To investigate the effects of serious mental illness on earnings in a wider range of countries, the researchers studied data from WHO World Mental Health (WMH) surveys conducted in 10 high- and nine low- and middle-income countries.
All respondents were asked to report their personal earnings in the past 12 months. Mental illness within the past 12 months was assessed via the WHO Composite International Diagnostic Interview using DSM-IV criteria for anxiety and mood disorders, such as bipolar disorder and major depressive disorder.
In total, 101,825 participants were interviewed, with individual country sample sizes ranging from 2372 in The Netherlands to 12,992 in New Zealand.
The researchers found that the prevalence of serious mental illness was significantly higher in high-income countries than in low- and middle-income countries both in the total sample (4.3% vs 3.0%) and considering men (3.5% vs 2.2%) and women (5.0% vs 3.9%) separately.

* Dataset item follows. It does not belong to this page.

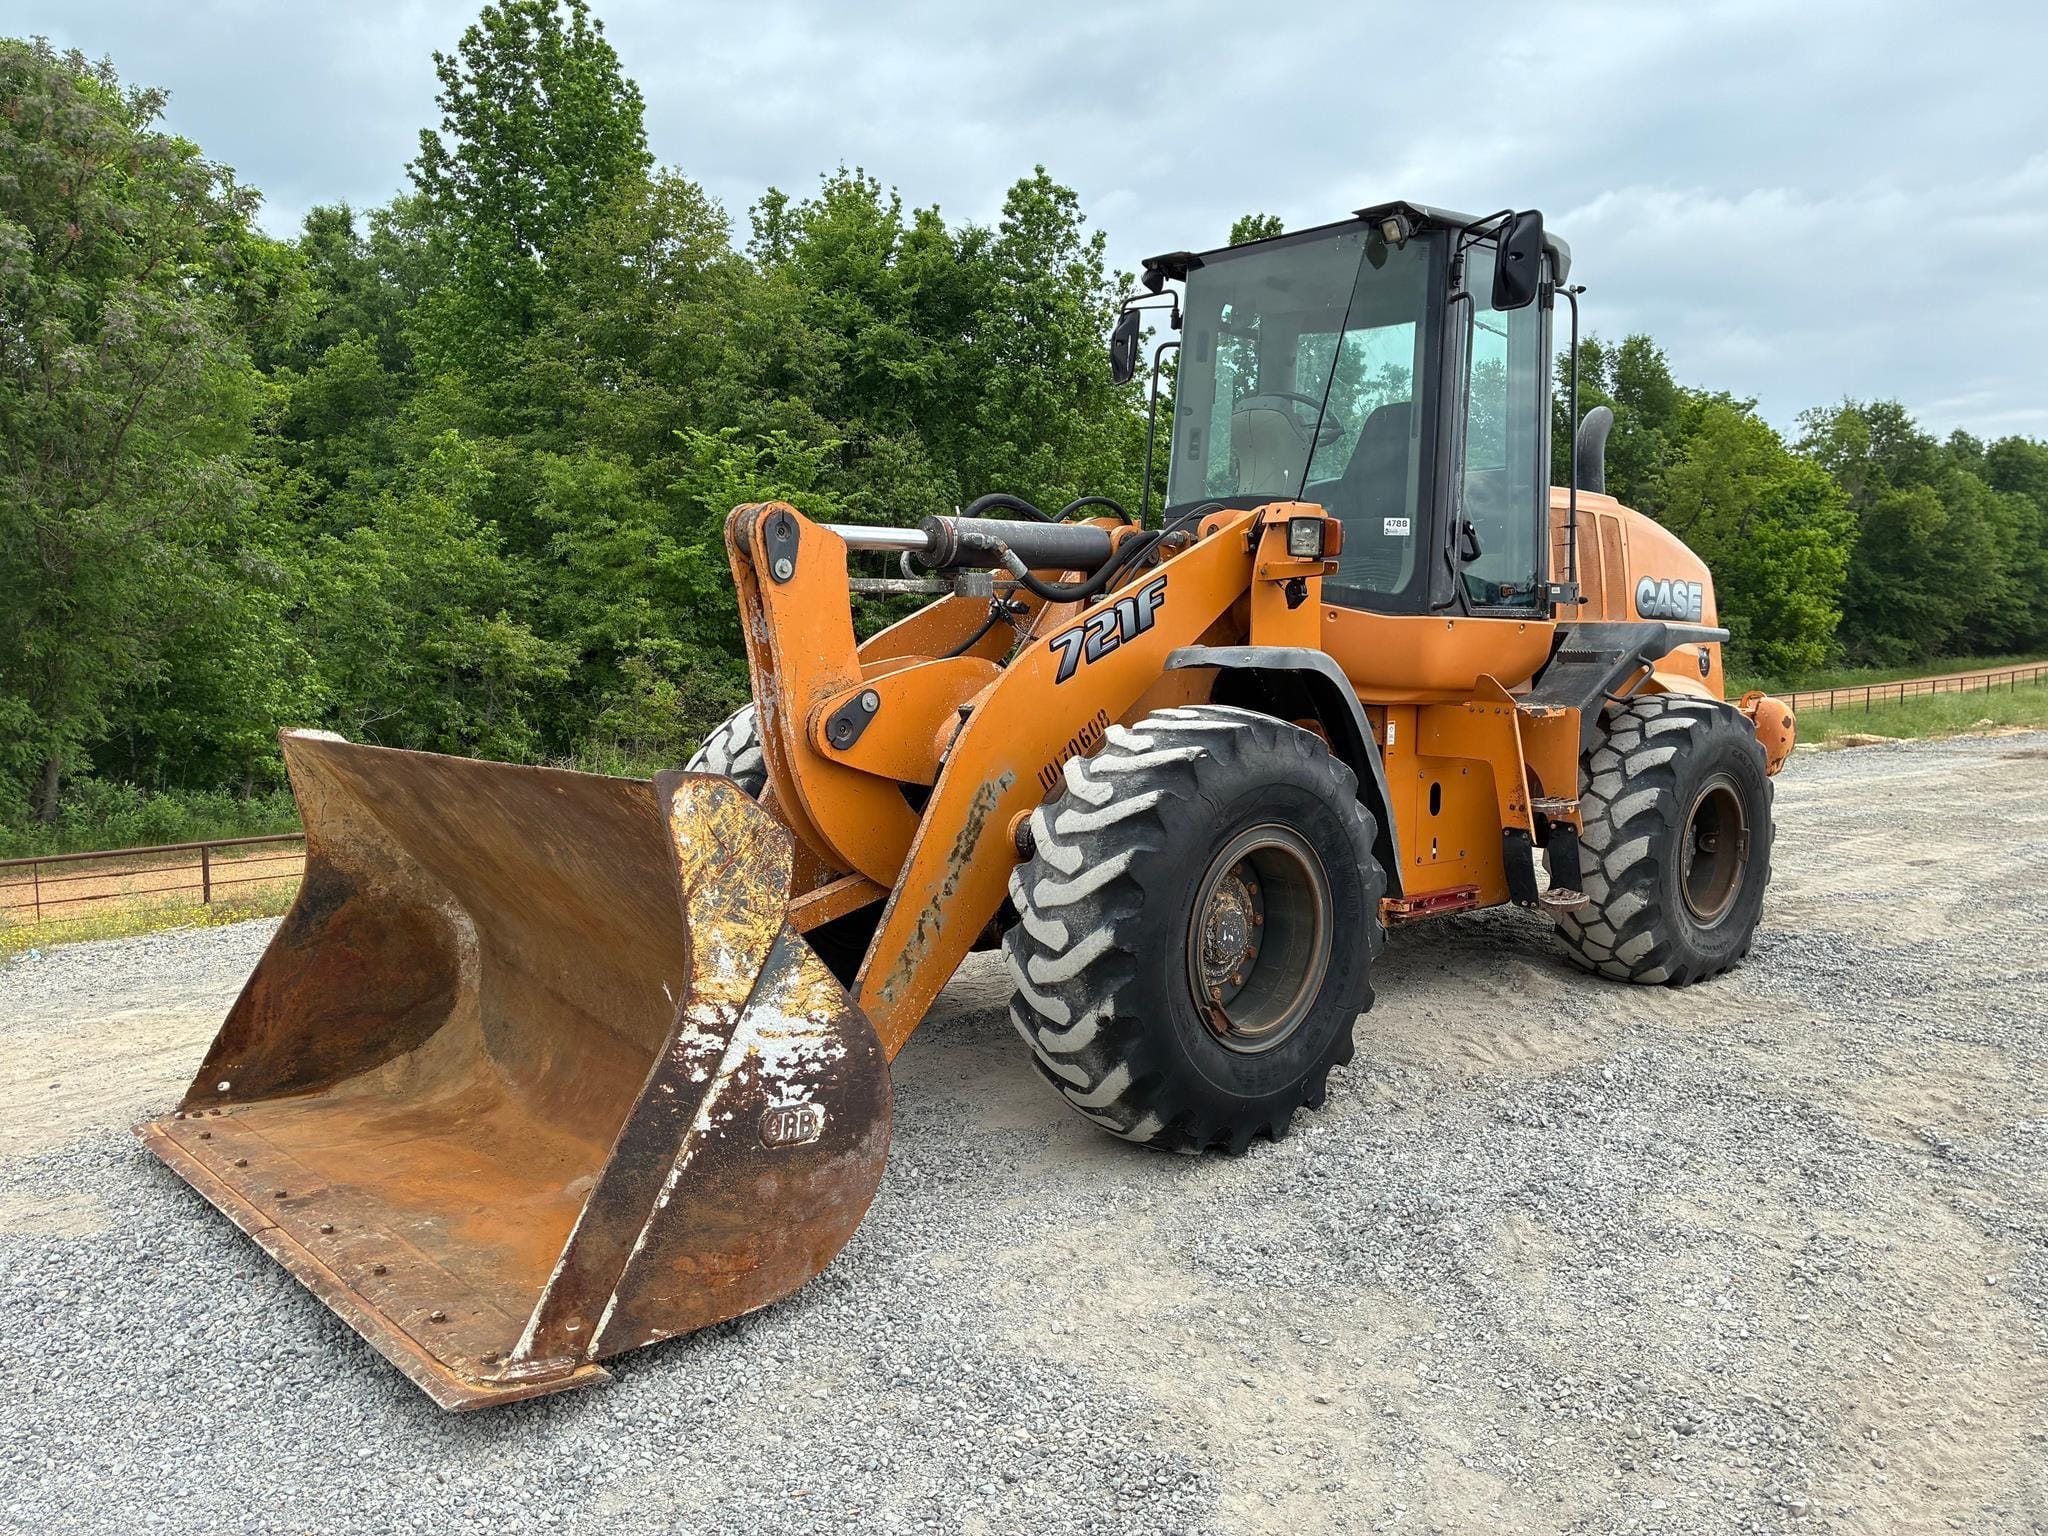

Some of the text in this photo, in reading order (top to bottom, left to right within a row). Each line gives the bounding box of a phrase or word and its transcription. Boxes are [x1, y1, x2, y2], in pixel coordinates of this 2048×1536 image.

[1386, 519, 1408, 528] 4788
[1636, 576, 1702, 622] CASE
[1050, 574, 1167, 684] 721F

After accounting for factors such as age, gender, and between-country differences in earnings, the researchers found that people with serious mental illnesses earned an average of 32-33% less in the past 12 months than mentally healthy individuals.
Indeed, serious mental illnesses were associated with a reduction in population-level earnings equivalent to 0.8% of all earnings in high-income countries and 0.3% of all earnings in low- and middle-income countries.
“These comparisons make it clear that mental disorders are associated with massive losses of productive human capital not only at the individual level… but also at the societal level in the WMH countries,” Kessler and team conclude.
“Decisions about healthcare resource allocation should take these costs into consideration.”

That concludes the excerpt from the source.